### [THE DATA]
------------------------------------------------------------
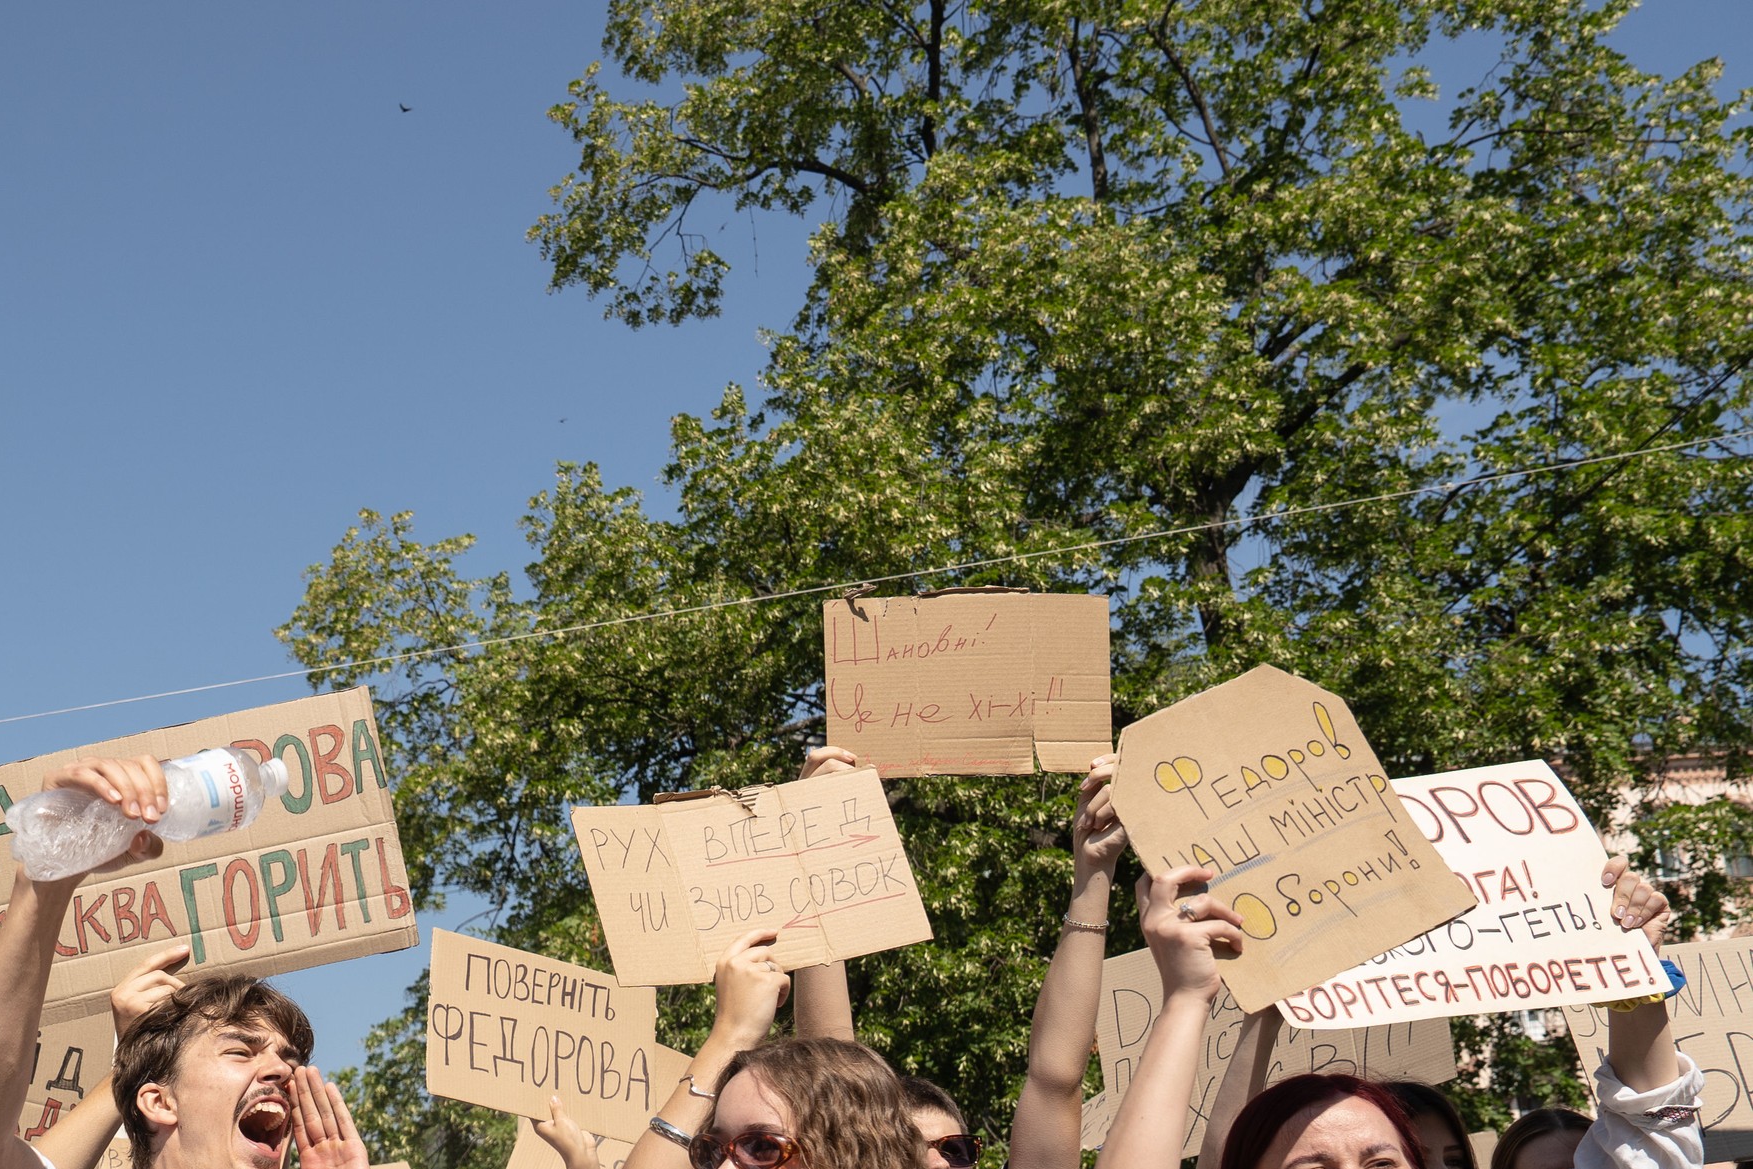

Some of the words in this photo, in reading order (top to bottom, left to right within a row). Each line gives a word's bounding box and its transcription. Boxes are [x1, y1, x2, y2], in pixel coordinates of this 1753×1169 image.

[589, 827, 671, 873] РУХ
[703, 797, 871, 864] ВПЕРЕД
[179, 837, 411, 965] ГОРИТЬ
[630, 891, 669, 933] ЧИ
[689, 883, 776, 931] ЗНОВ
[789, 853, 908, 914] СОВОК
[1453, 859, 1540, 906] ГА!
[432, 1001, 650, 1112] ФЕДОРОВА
------------------------------------------------------------
### [EXERCISE BRIEF]
All records above need to be returned exactly. Omit the pictures.

### [RESULT OF THE TASK]
Some of the words in this photo, in reading order (top to bottom, left to right within a row). Each line gives a word's bounding box and its transcription. Boxes are [x1, y1, x2, y2], in pixel coordinates of this 1753×1169 image.

[589, 827, 671, 873] РУХ
[703, 797, 871, 864] ВПЕРЕД
[179, 837, 411, 965] ГОРИТЬ
[630, 891, 669, 933] ЧИ
[689, 883, 776, 931] ЗНОВ
[789, 853, 908, 914] СОВОК
[1453, 859, 1540, 906] ГА!
[432, 1001, 650, 1112] ФЕДОРОВА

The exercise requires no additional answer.